Prof Denis Noble’s latest book on evolutionary biology, Dance to the Tune of Life, was published in the Autumn of 2016, and is a follow up to the hugely successful 2006 book The Music of Life.  His new work produces yet more evidence for a 21st century, multi-level, integrative approach to evolutionary biology, attacking the 20th century reductionism of neo-Darwinism with renewed vigour.

Voices from Oxford has produced three lectures given by Prof Noble, each of which varies in style according to the respective audience.  We encourage you to watch one or all of them in order to better understand this hotly debated topic.

In summary, the Physiological Society lecture gives the most detail and depth, the Biochemistry Society lecture offers the most debate and argument, whilst the Swansea University Medical School lecture is aimed at those engaged in medical research.

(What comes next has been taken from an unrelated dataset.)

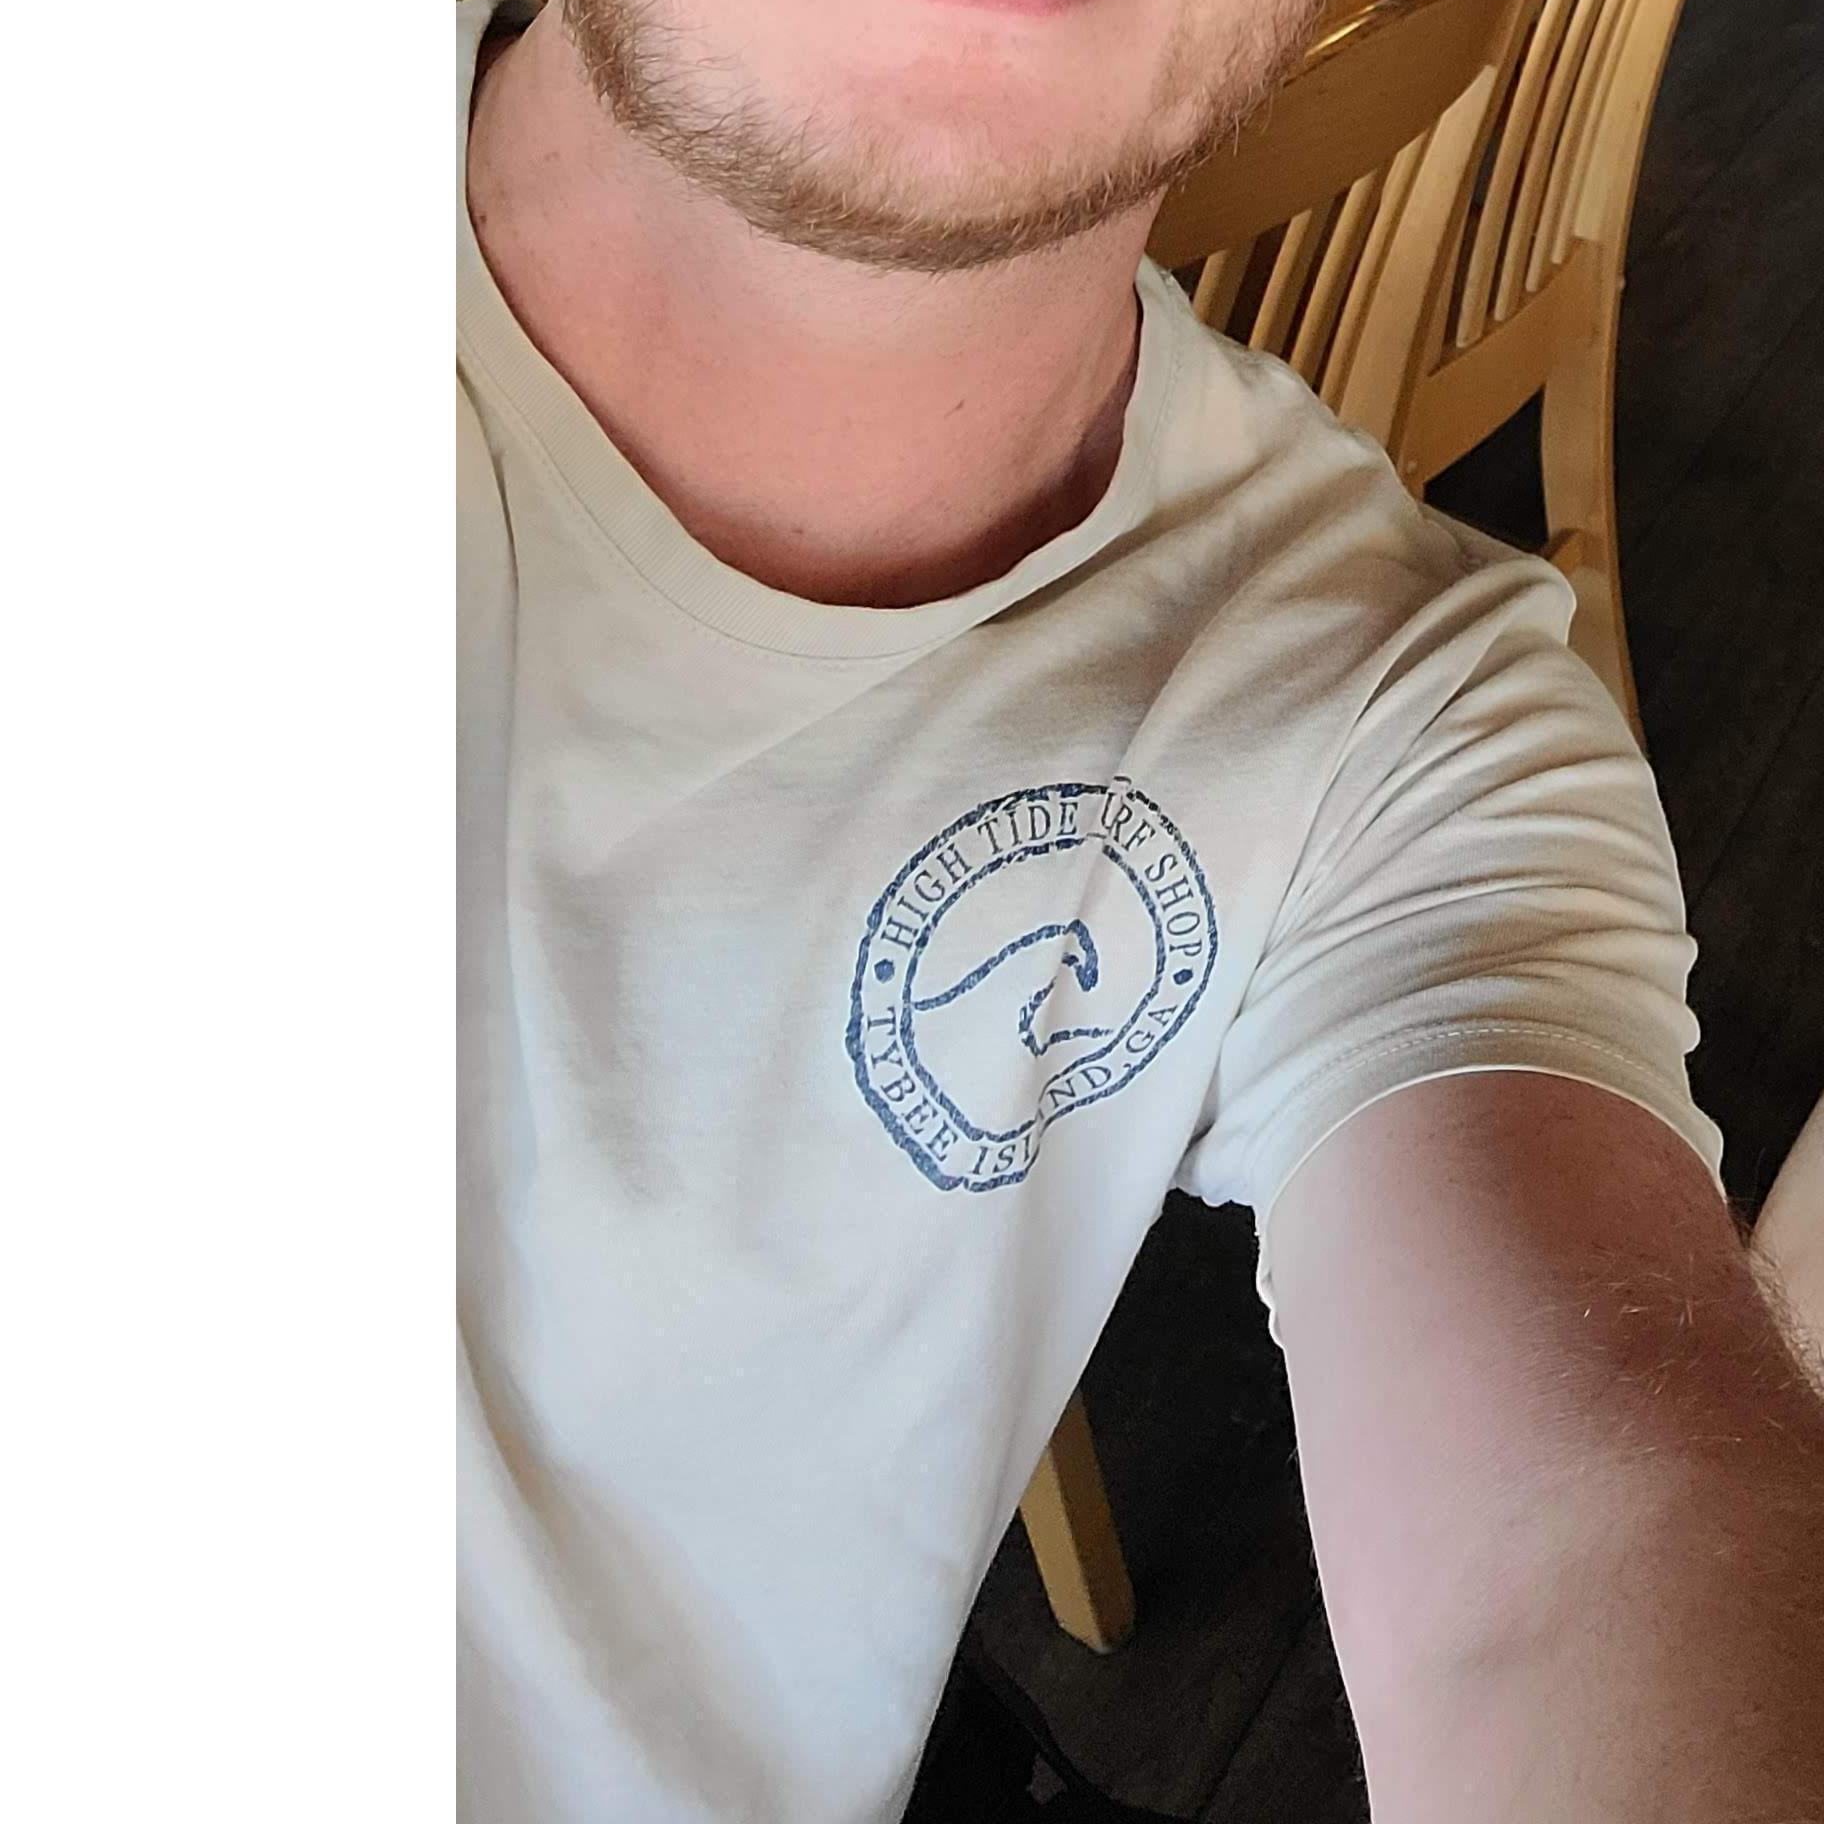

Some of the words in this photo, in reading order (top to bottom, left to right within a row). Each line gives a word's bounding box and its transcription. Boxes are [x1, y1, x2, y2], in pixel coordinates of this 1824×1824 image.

[880, 845, 972, 950] HIGH
[977, 801, 1080, 856] TIDE
[1144, 855, 1203, 959] SHOP
[867, 1005, 959, 1162] TYBEE

Physiological Society, London

21st November, 2016
Recorded just days after the publication of Dance to the Tune of Life, Noble’s lecture to the Physiological Society gives a full and detailed account of the evidence to support his thesis.  It’s the most in depth and lengthy lecture to date, and was well received by the audience, whose backgrounds in physiological science made them open and receptive to the ideas being presented.  A must watch for those open to Noble’s ideas, and wishing to hear them fully explained with highly detailed evidence.  
http://voicesfromoxford.org/video/dance-to-the-tune-of-life-lecture/699

University of Oxford Biochemistry Society

8th February, 2017
With an audience highly specialised in biochemistry and molecular biology, Noble chose to give a shorter presentation of his main points in order to leave time for the inevitable questions, challenges and debate.  One questioner attacked the entire validity of his work, but Noble responded by explaining how Johannsen’s original 1909 definition of a gene shouldn’t be confused with more recent and ongoing interpretations, and that this misunderstanding lay at the heart of the question.  Noble also reiterated his point that whilst some neo-Darwinian mechanisms are indeed necessary to explain evolutionary biology, they’re certainly nowhere near sufficient to explain the whole story.  A must watch for those who agree with James Watson’s quip, that, “It’s all molecules, the rest is sociology.”
http://voicesfromoxford.org/video/biochemistry-society-lecture/710

Swansea University Medical School

9th March, 2017
The medical implications of Dance to the Tune of Life are many fold.  Since the human genome was sequenced in 2000, the much hyped medical advances based on this knowledge have spectacularly failed to materialise.  And if our basic understanding of the processes at work in human bodies has been warped and misunderstood by the dogma of neo-Darwinism, how then are we to effectively treat disease and practice medicine?  This presentation was tailored with this in mind, and is a must watch for those engaged in medical research.